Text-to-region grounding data
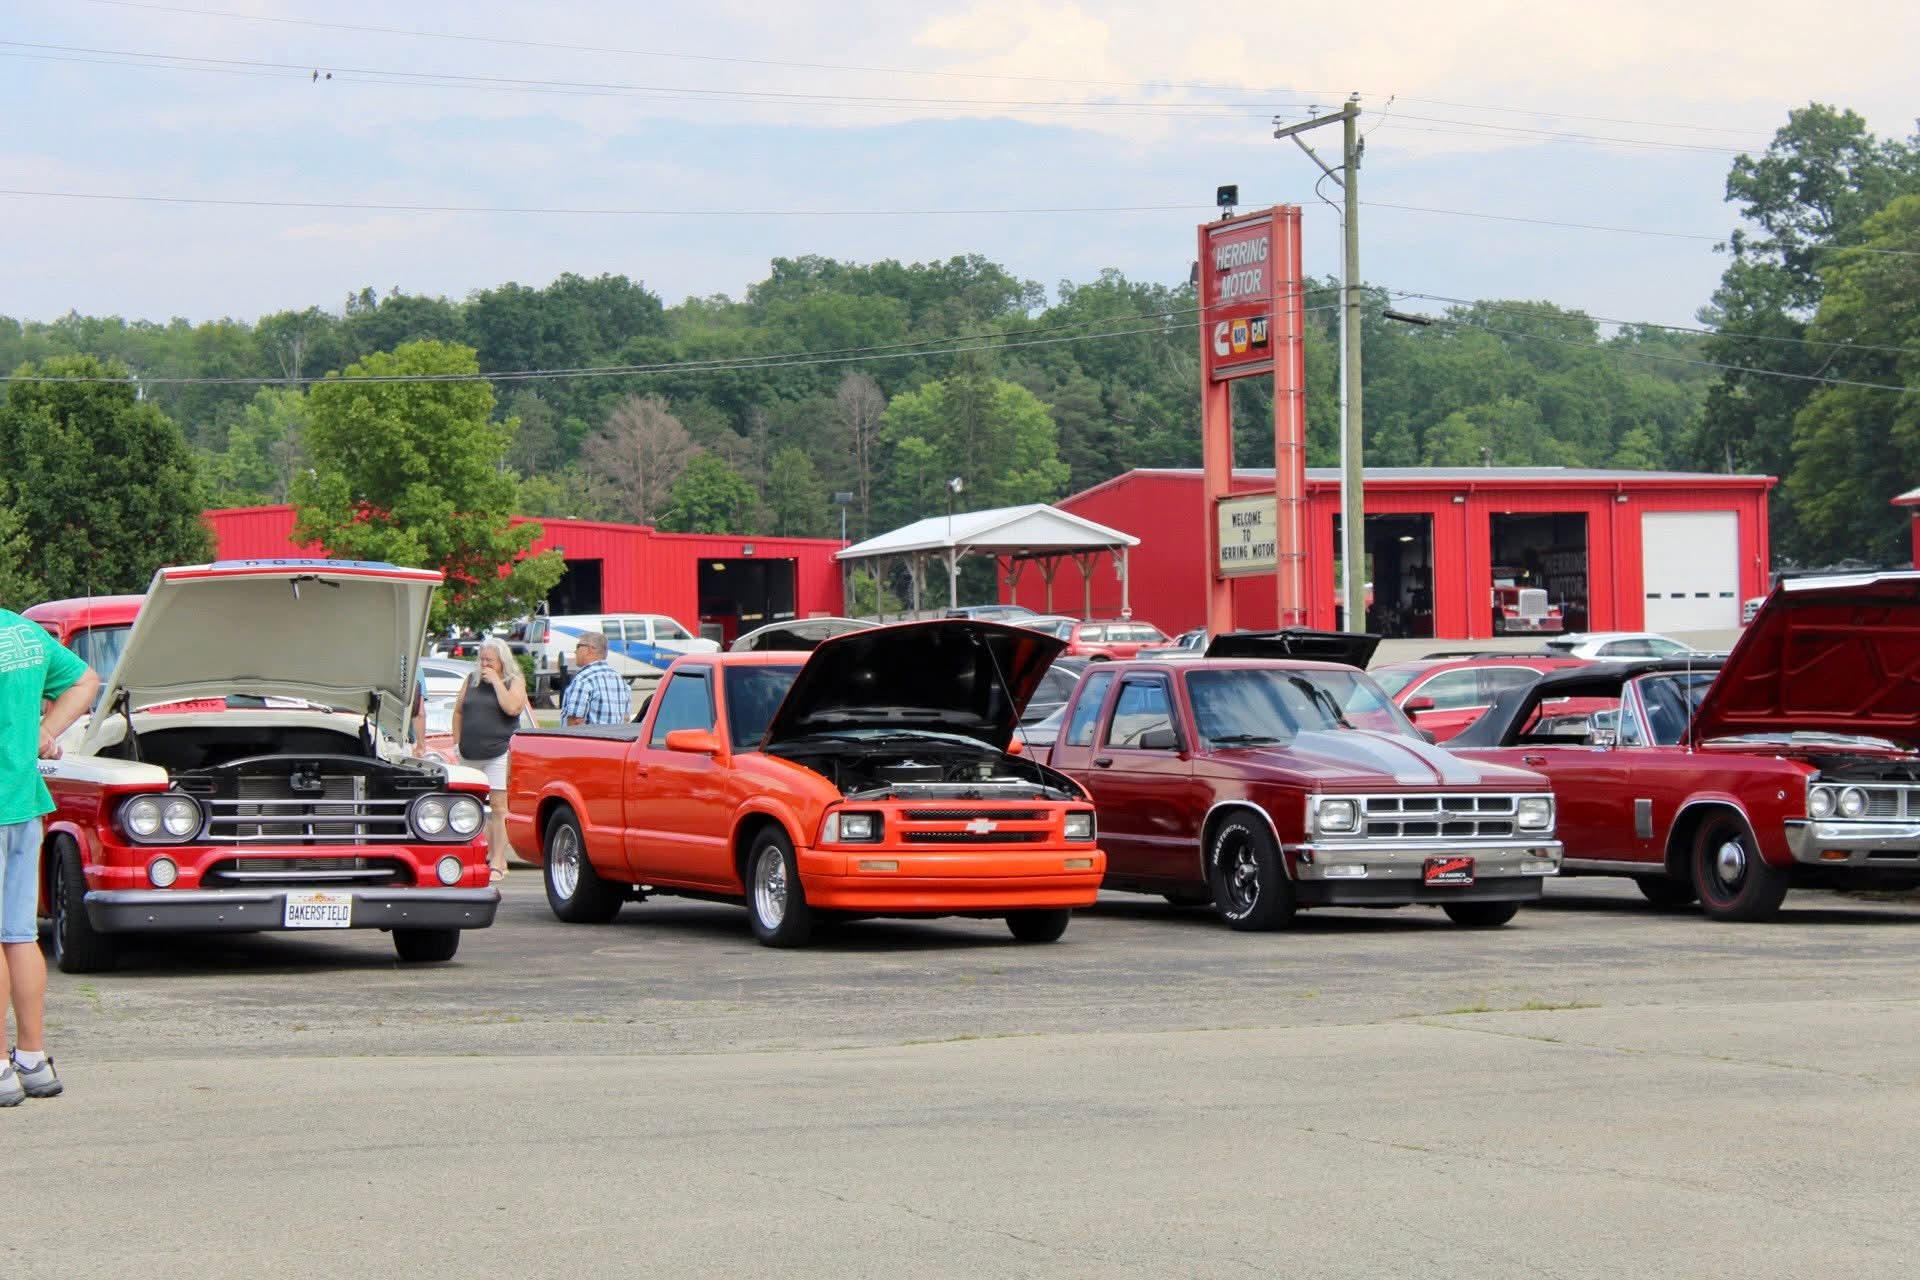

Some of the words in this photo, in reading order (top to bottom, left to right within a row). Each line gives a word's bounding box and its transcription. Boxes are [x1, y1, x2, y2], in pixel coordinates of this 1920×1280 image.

[1216, 236, 1268, 270] HERRING
[1221, 268, 1262, 298] MOTOR
[1251, 320, 1268, 343] CAT
[1232, 510, 1262, 528] WELCOME
[1243, 528, 1251, 542] TO
[1222, 545, 1248, 560] HERRING
[1252, 543, 1275, 559] MOTOR
[289, 905, 349, 921] BAKERSFIELD
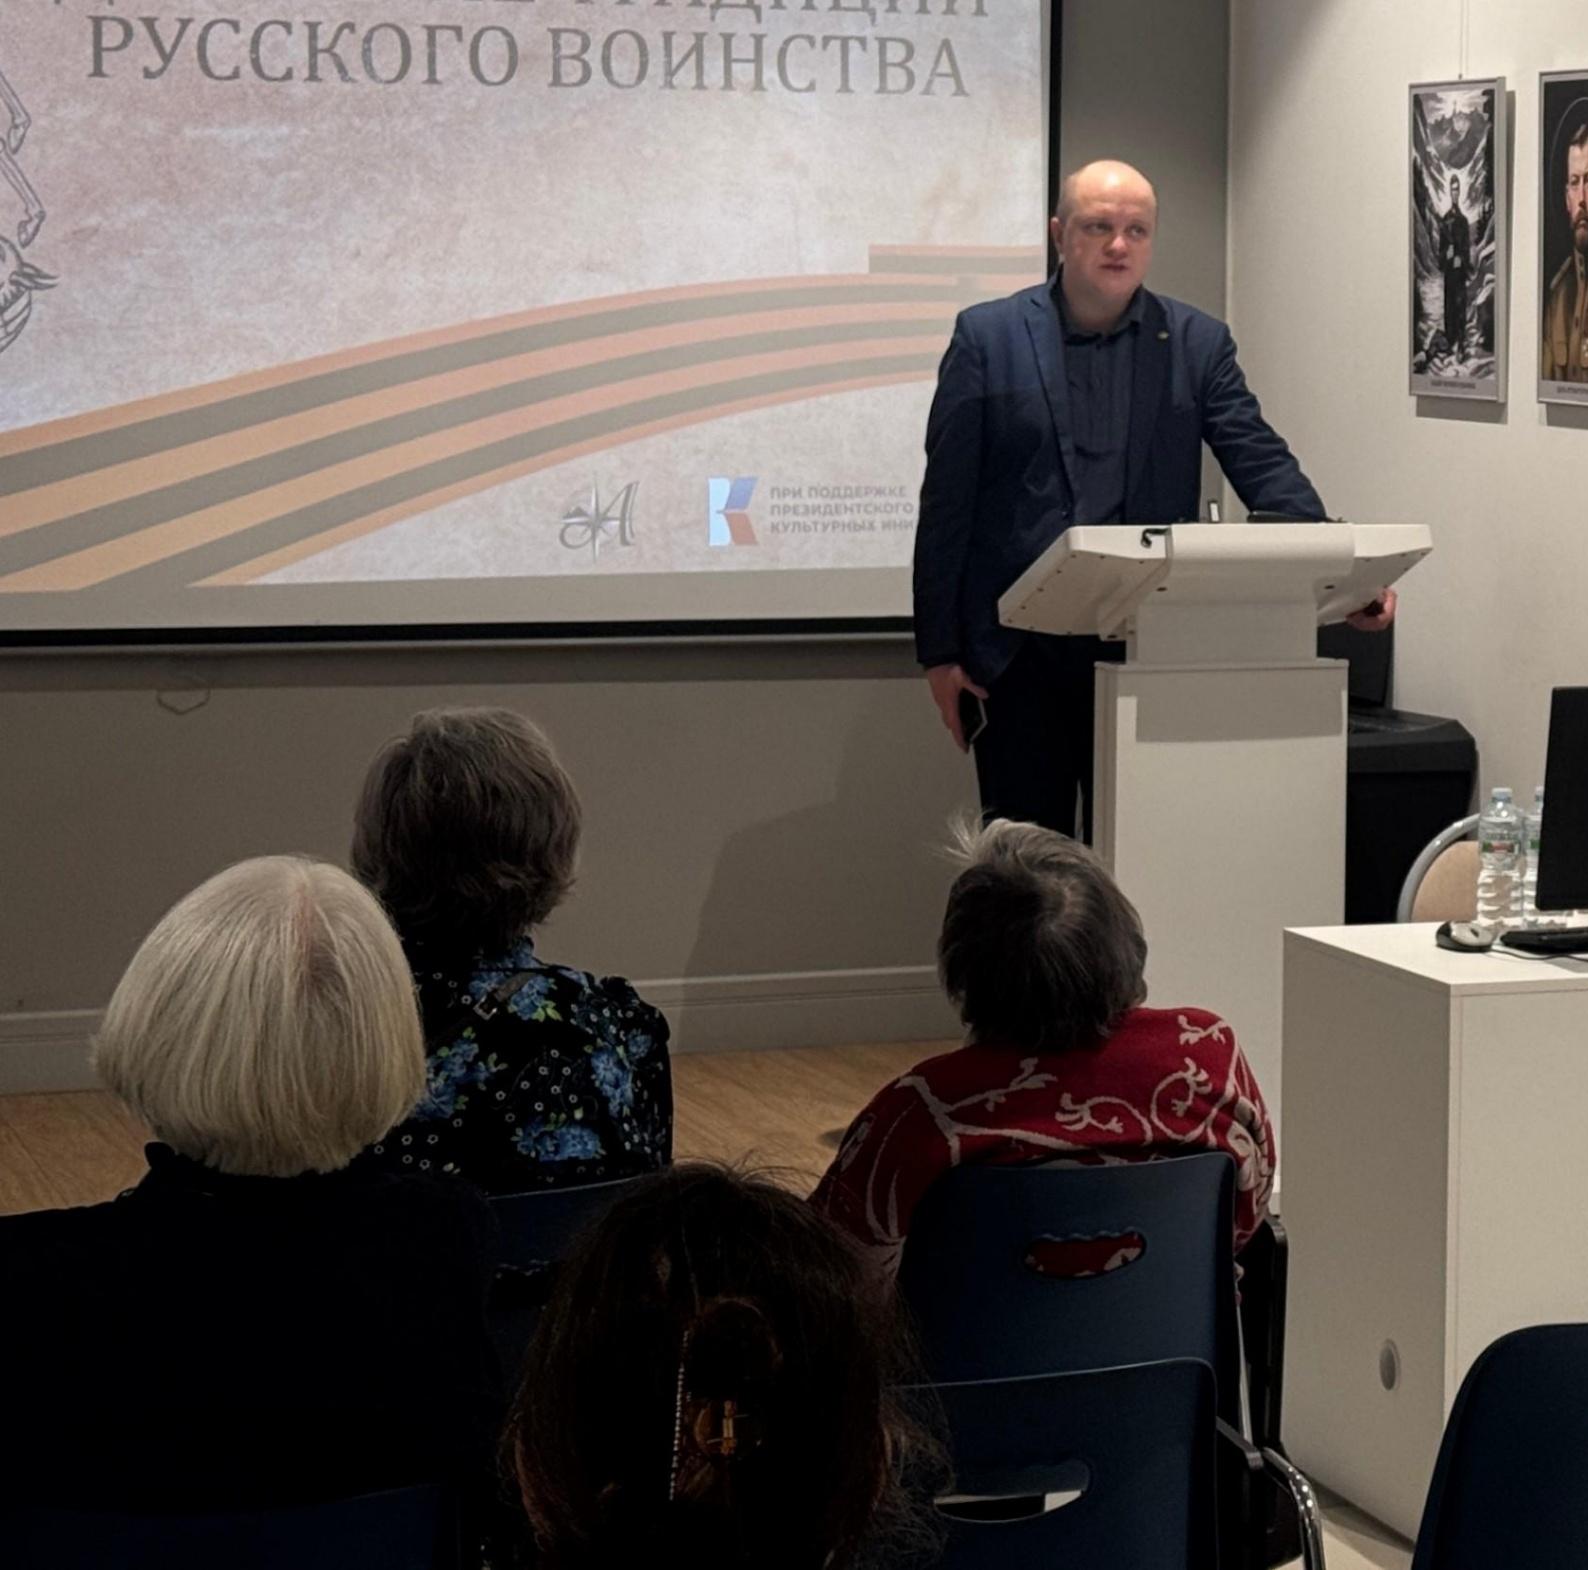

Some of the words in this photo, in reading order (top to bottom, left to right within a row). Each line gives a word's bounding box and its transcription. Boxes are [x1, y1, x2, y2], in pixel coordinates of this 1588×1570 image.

WORK TASK
Omitting the images, transcribe every record exactly.

TASK RESPONSE
Some of the words in this photo, in reading order (top to bottom, left to right within a row). Each line gives a word's bounding box and its transcription. Boxes are [x1, y1, x2, y2], in pixel coordinates of this 1920×1280 image.

[1216, 236, 1268, 270] HERRING
[1221, 268, 1262, 298] MOTOR
[1251, 320, 1268, 343] CAT
[1232, 510, 1262, 528] WELCOME
[1243, 528, 1251, 542] TO
[1222, 545, 1248, 560] HERRING
[1252, 543, 1275, 559] MOTOR
[289, 905, 349, 921] BAKERSFIELD

Some of the words in this photo, in reading order (top to bottom, left to right within a row). Each line gives a word's bounding box and its transcription. Boxes are [x1, y1, x2, y2], in pixel coordinates of this 1588×1570 image.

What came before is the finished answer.